Ironic, really, that the one time Bill Kristol is actually right about something is the time when he spells out the doom of the Republican Party. Especially now, at one of the party's historical low-water marks, passing health care reform that guarantees coverage for the 47 million uninsured Americans would drive a stake through the heart of the party that opposed that reform. The newly covered 47 million voters would, after all, likely have a tendency to vote Democrat, if only to prevent the Republicans from taking over and rescinding their newly gained health coverage. Add to that total the untold millions who would get a warm, fuzzy feeling toward the Democrats after switching to a cheaper, more-efficient public option, and you begin to see just what a vast problem this could turn out to be.

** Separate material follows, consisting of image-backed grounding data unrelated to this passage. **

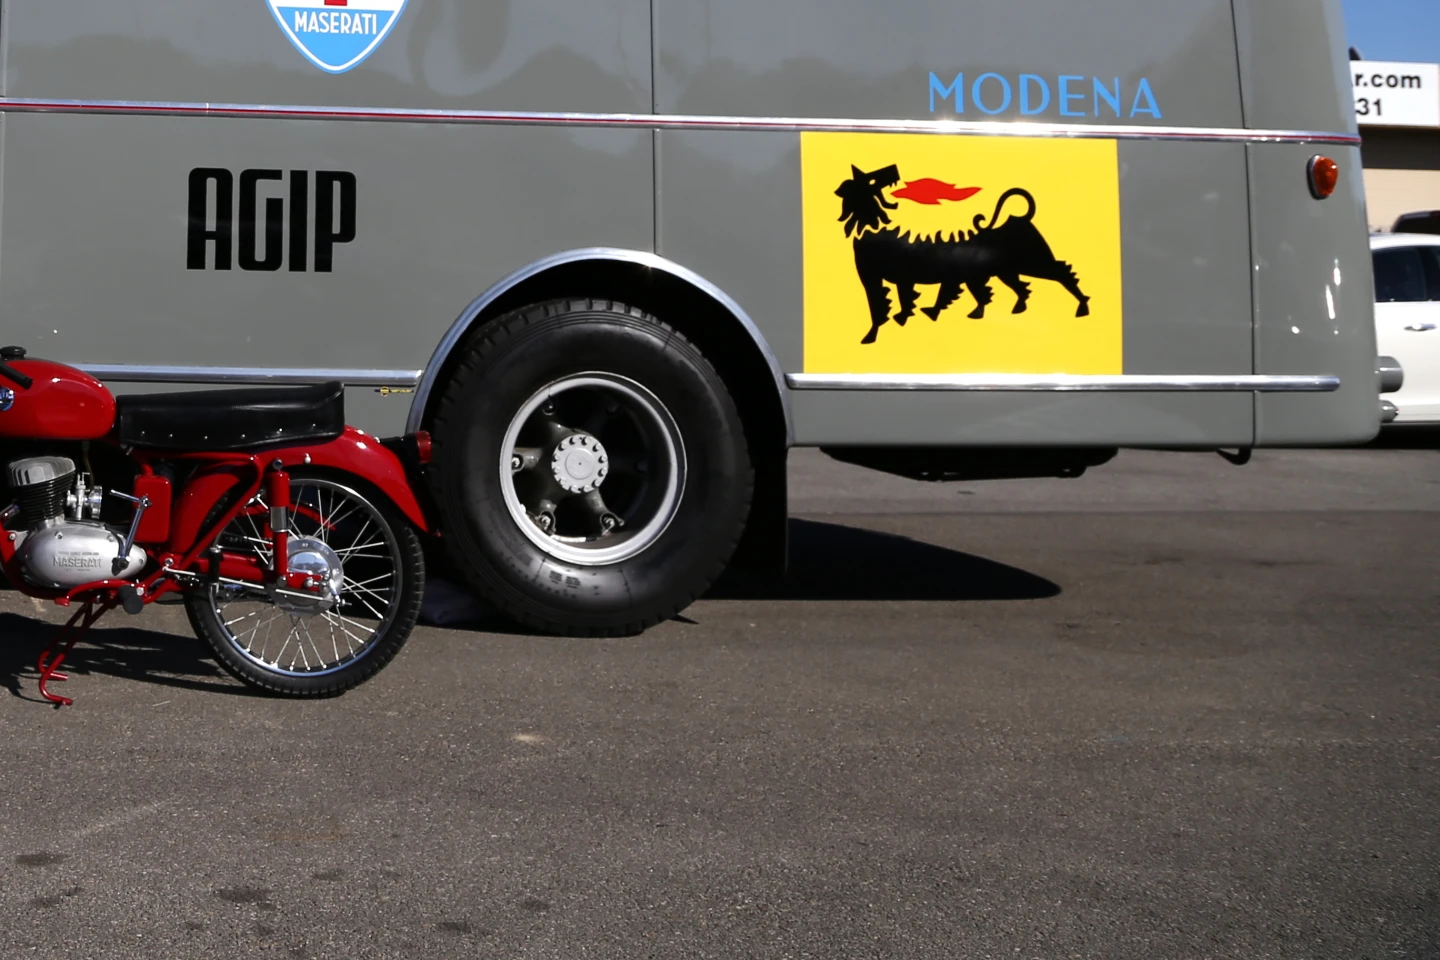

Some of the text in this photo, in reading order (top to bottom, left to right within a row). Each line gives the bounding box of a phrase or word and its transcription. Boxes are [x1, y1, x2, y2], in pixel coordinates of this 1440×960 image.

[294, 10, 378, 35] MASERATI
[928, 71, 1162, 119] MODENA
[186, 167, 357, 273] AGIP
[52, 555, 101, 568] MASERATI
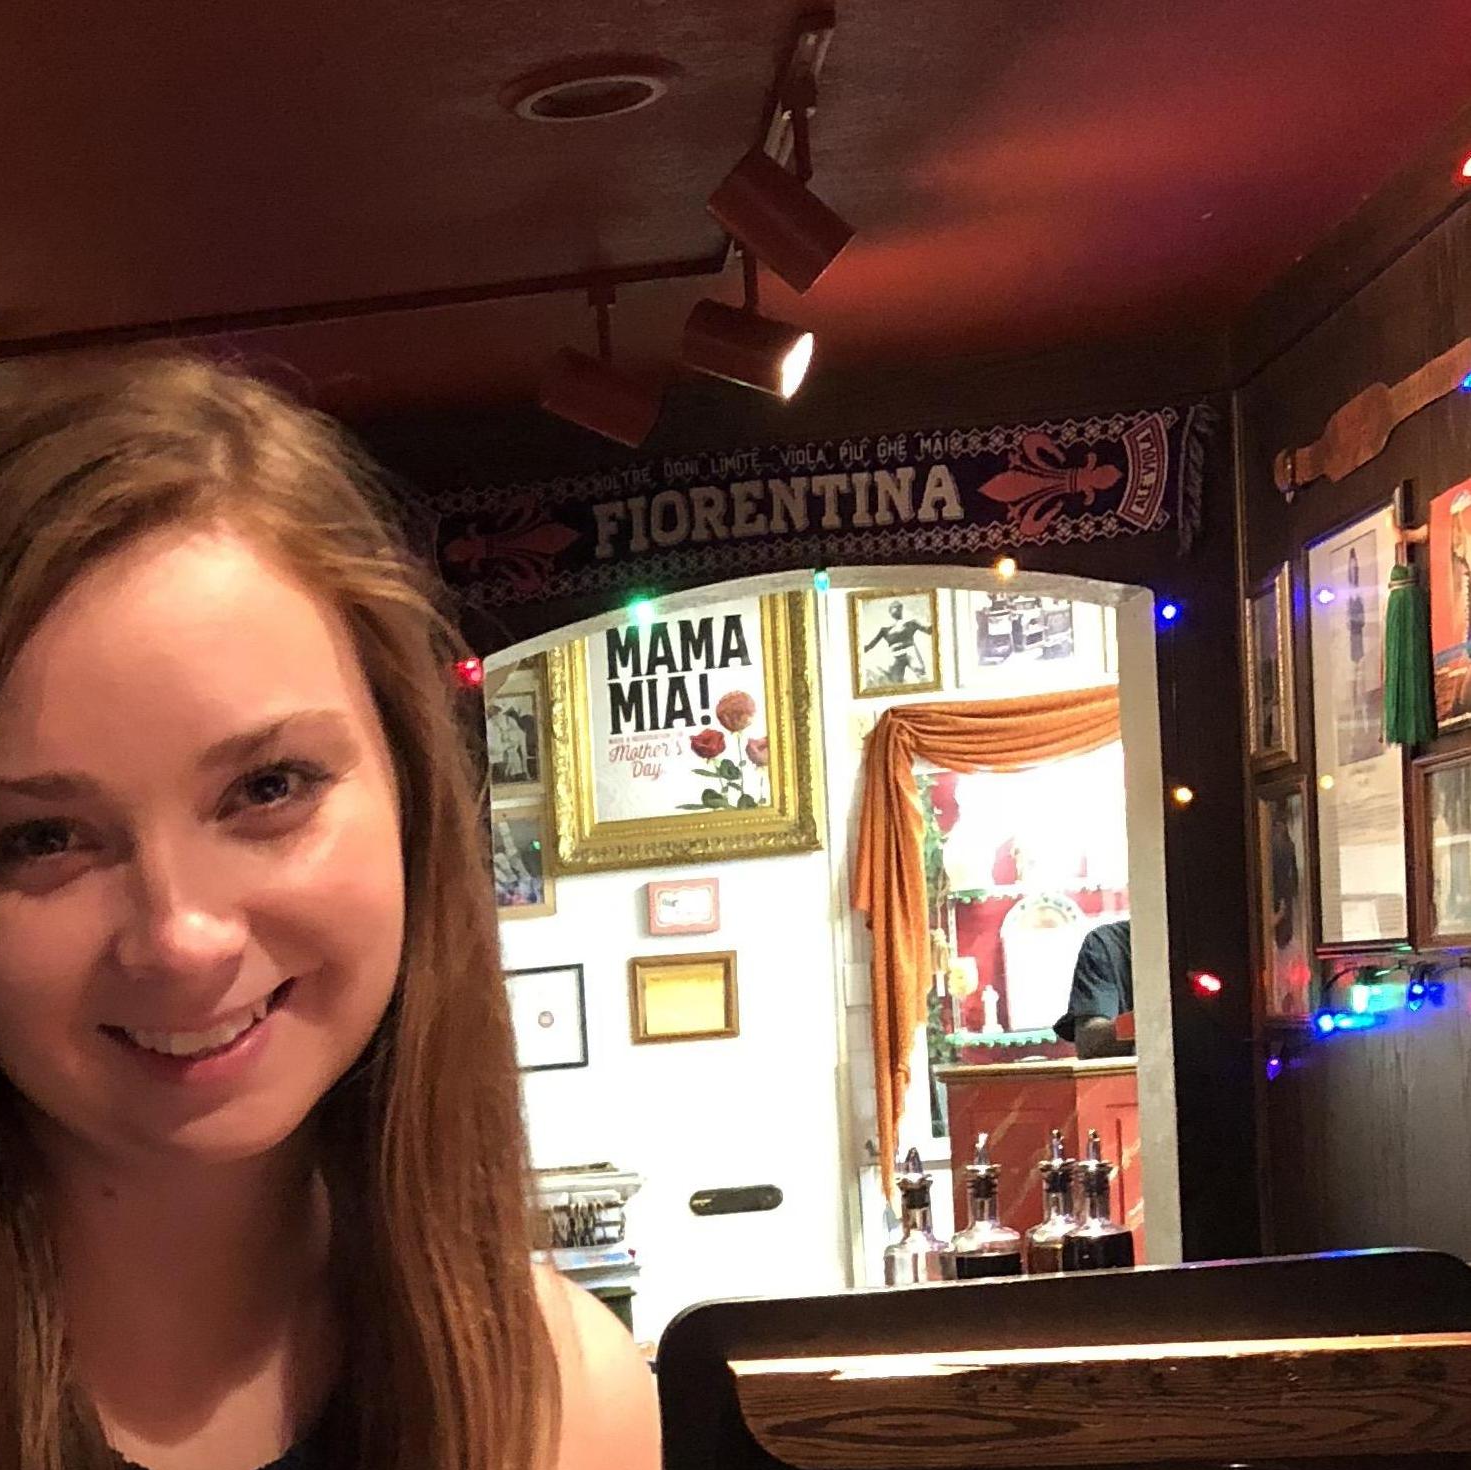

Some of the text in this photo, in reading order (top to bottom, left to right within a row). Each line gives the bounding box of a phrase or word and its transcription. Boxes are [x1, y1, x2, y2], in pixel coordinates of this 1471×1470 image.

[781, 449, 827, 466] VIOLA
[919, 437, 949, 454] MAI
[593, 464, 965, 560] FIORENTINA
[606, 614, 752, 681] MAMA
[608, 672, 711, 735] MIA!
[609, 741, 682, 763] Mothers
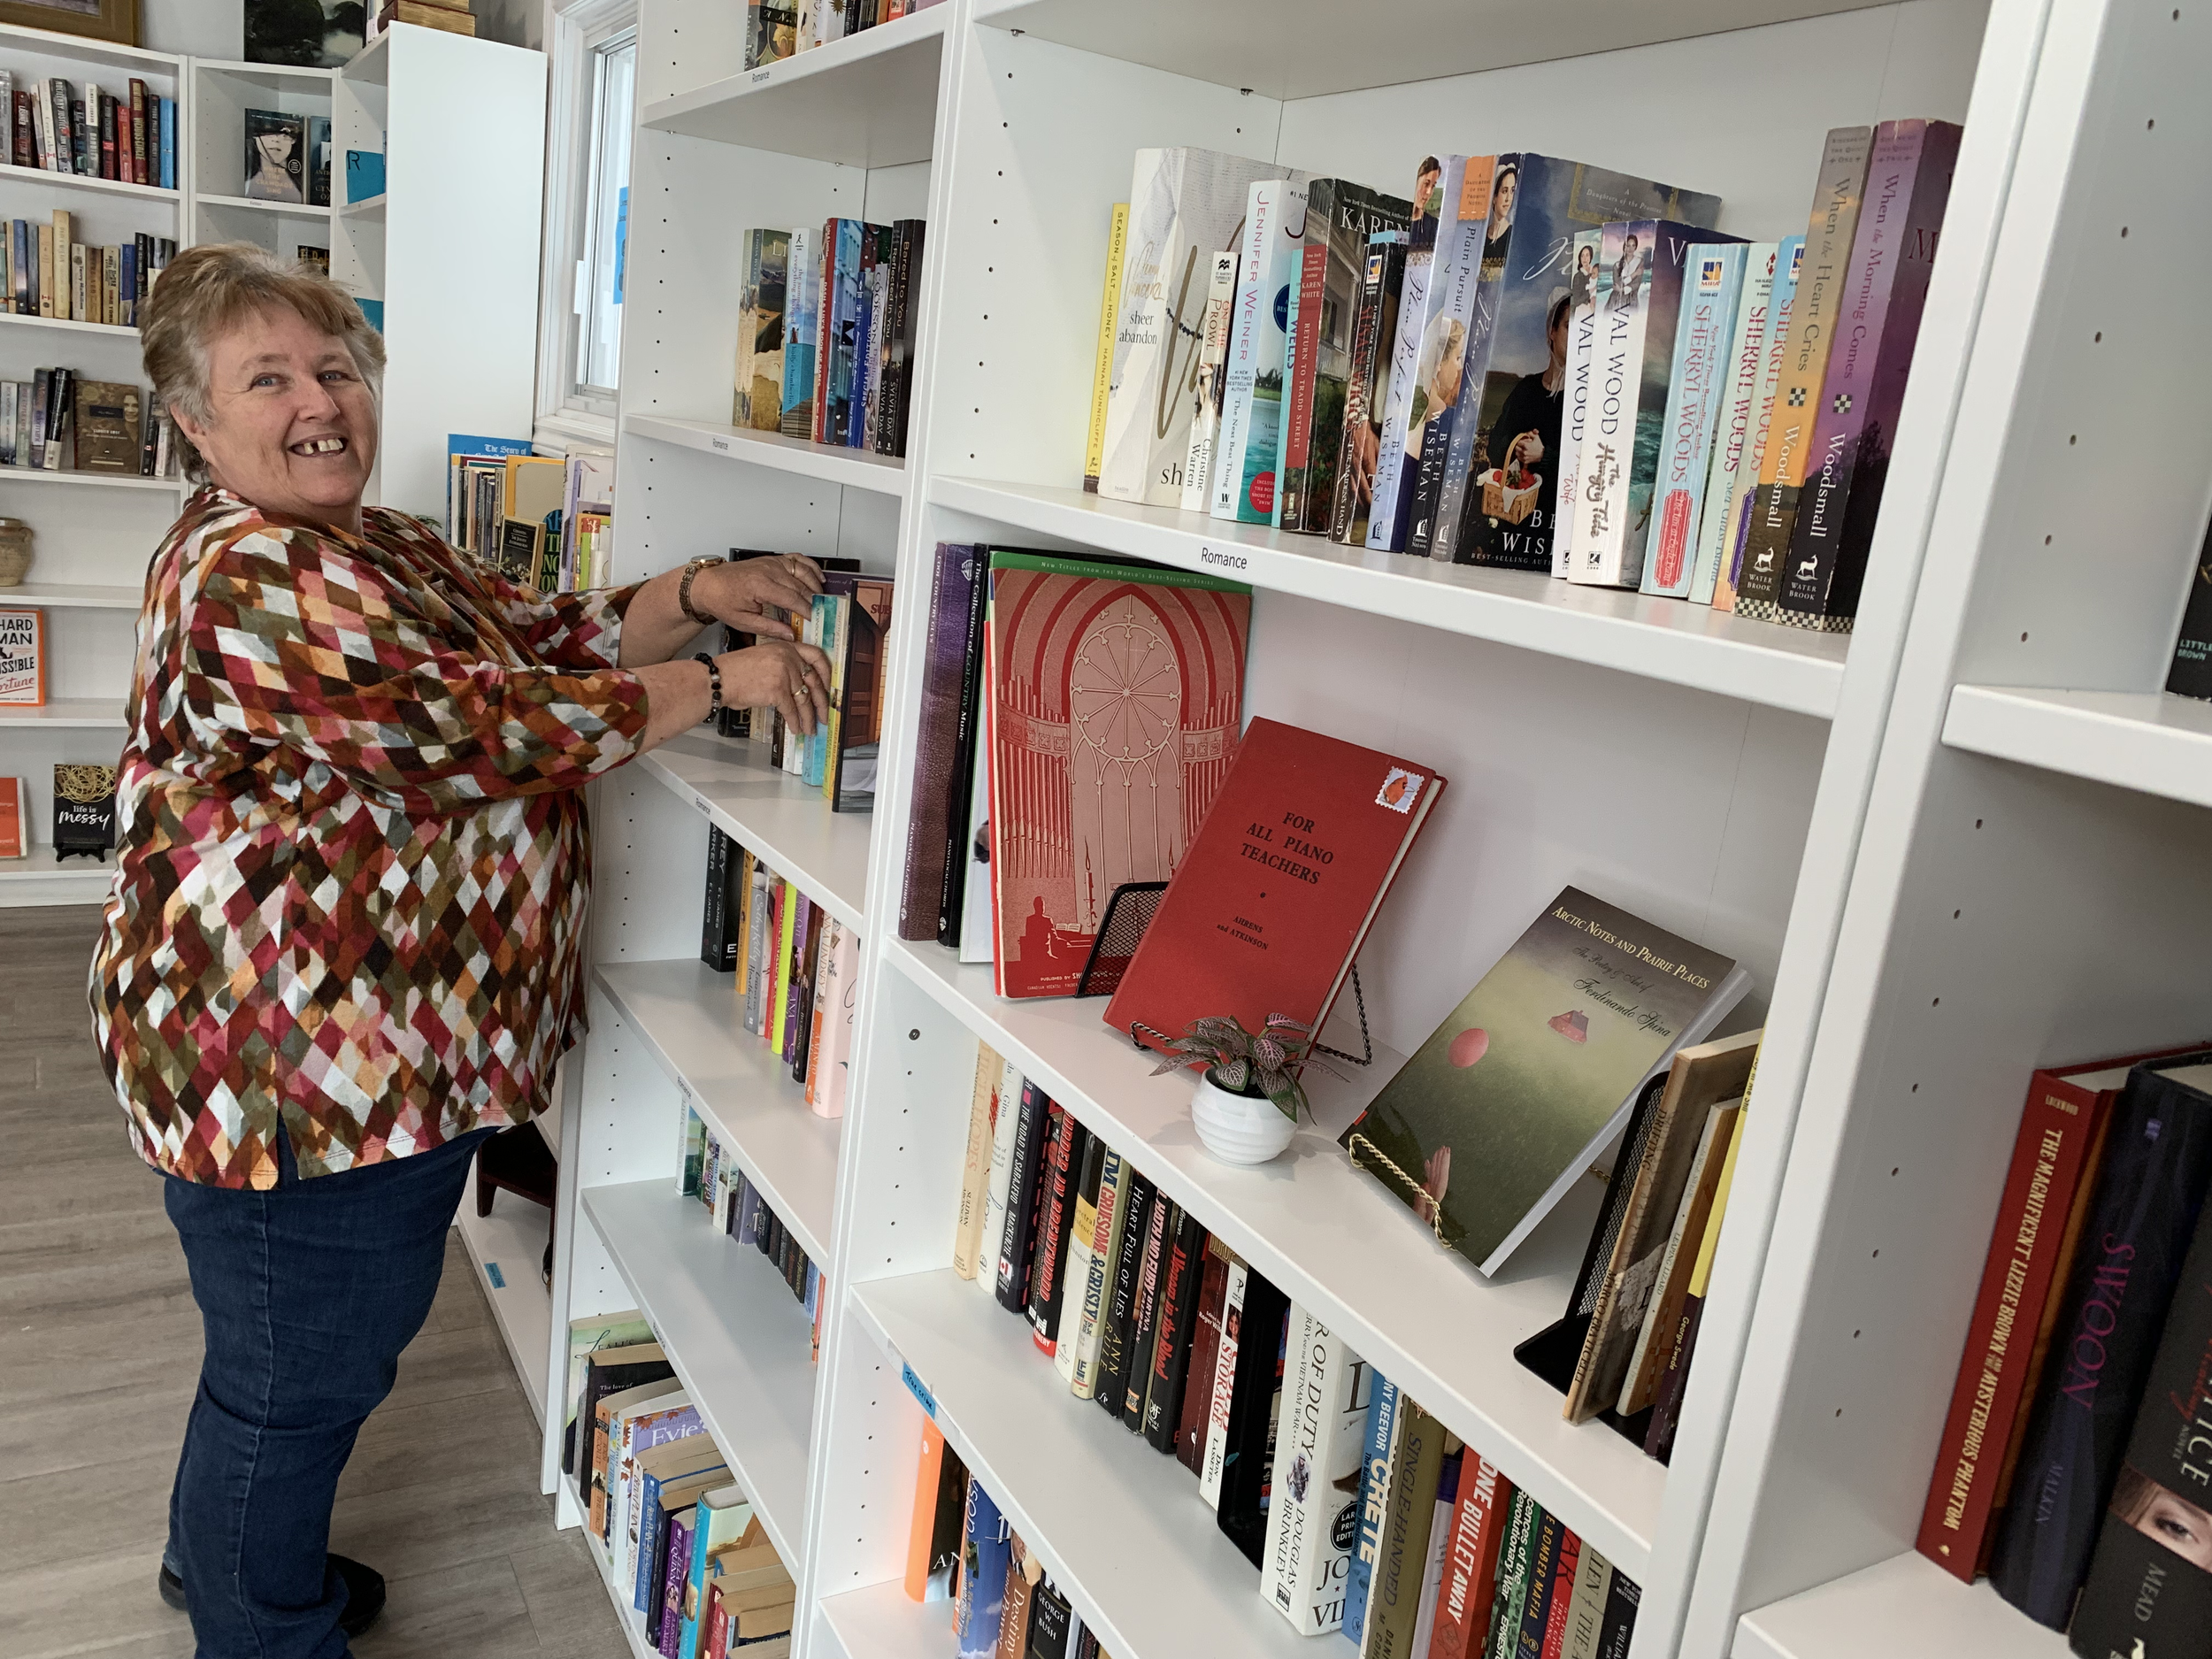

Public health care isn't just the right thing to do from a moral standpoint. For the Democrats, it also makes the most sense politically. It could turn the years that the GOP now faces in the political wilderness into decades upon decades as a minority party. Hell, it could turn them into the Whigs, destined for the trash heap of history. And when it comes to pure politics on a Machiavellian scale, the Republican Party is far from stupid. The movers and shakers have to know how much damage a public option could do to them, and that's why they fight so vociferously against it; not because of some sense of fiscal discipline, but out of simple self-preservation.